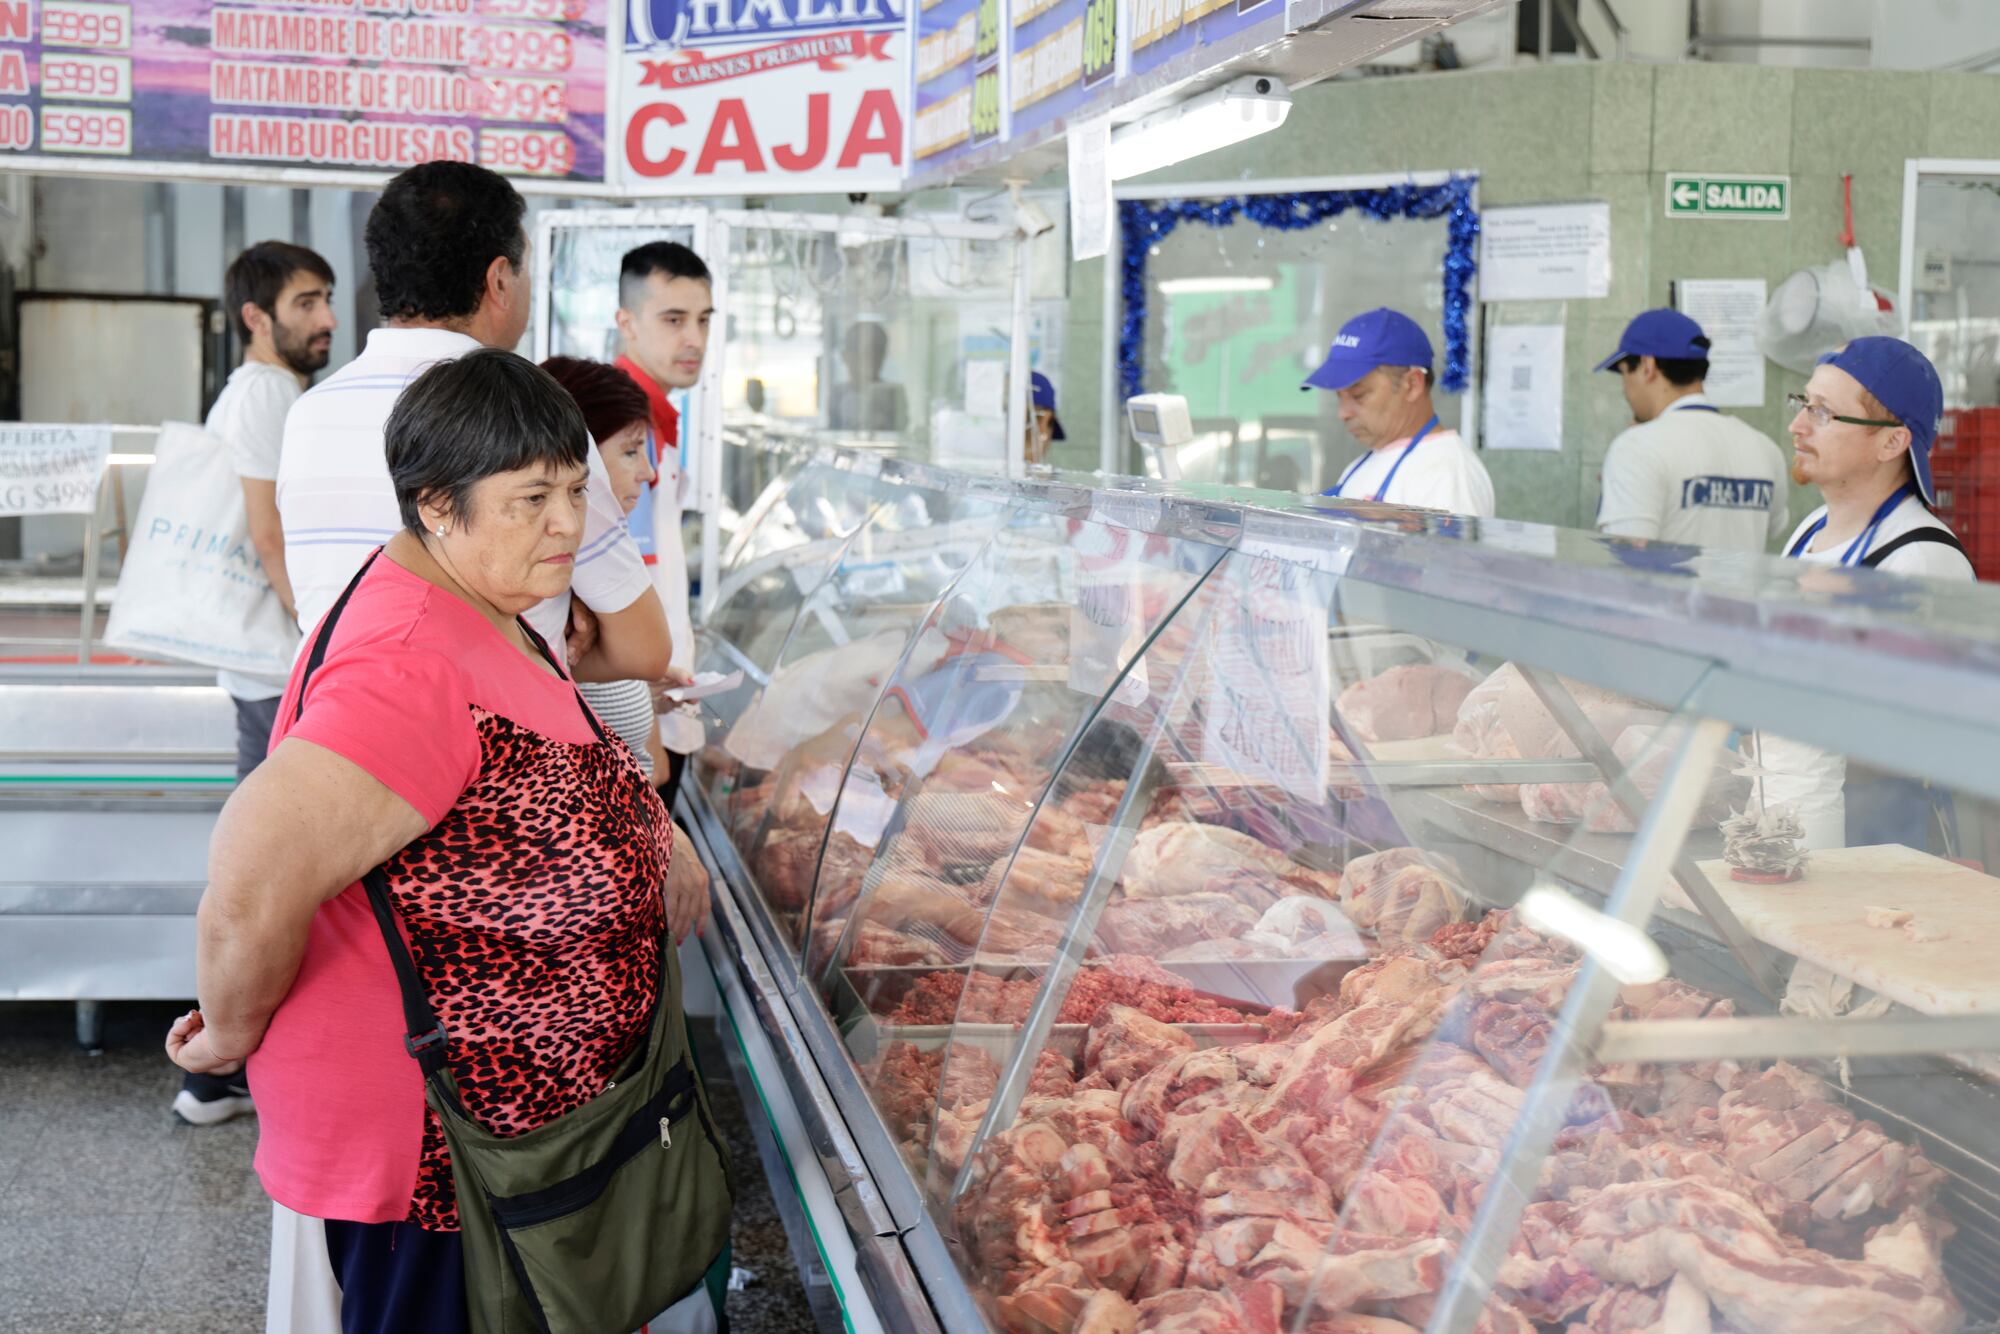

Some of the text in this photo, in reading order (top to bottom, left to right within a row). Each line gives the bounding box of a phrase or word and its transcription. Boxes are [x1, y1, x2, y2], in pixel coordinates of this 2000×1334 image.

[216, 12, 346, 54] MATAMBRE
[355, 20, 383, 56] DE
[390, 22, 464, 61] CARNE
[672, 34, 852, 84] CARNES PREMIUM
[216, 64, 351, 107] MATAMBRE
[359, 71, 388, 108] DE
[396, 74, 467, 113] POLLO
[45, 114, 124, 146] 5999
[214, 118, 577, 176] HAMBURGUESAS 3899
[625, 89, 903, 178] CAJA
[1706, 184, 1782, 209] SALIDA
[0, 485, 26, 509] G
[1685, 477, 1772, 510] CHALIN

> [Exercise brief] Please reprint the whole listing exactly and omit its pictures.

> [Exercise answer]
Some of the text in this photo, in reading order (top to bottom, left to right within a row). Each line gives the bounding box of a phrase or word and its transcription. Boxes are [x1, y1, x2, y2], in pixel coordinates of this 2000×1334 image.

[216, 12, 346, 54] MATAMBRE
[355, 20, 383, 56] DE
[390, 22, 464, 61] CARNE
[672, 34, 852, 84] CARNES PREMIUM
[216, 64, 351, 107] MATAMBRE
[359, 71, 388, 108] DE
[396, 74, 467, 113] POLLO
[45, 114, 124, 146] 5999
[214, 118, 577, 176] HAMBURGUESAS 3899
[625, 89, 903, 178] CAJA
[1706, 184, 1782, 209] SALIDA
[0, 485, 26, 509] G
[1685, 477, 1772, 510] CHALIN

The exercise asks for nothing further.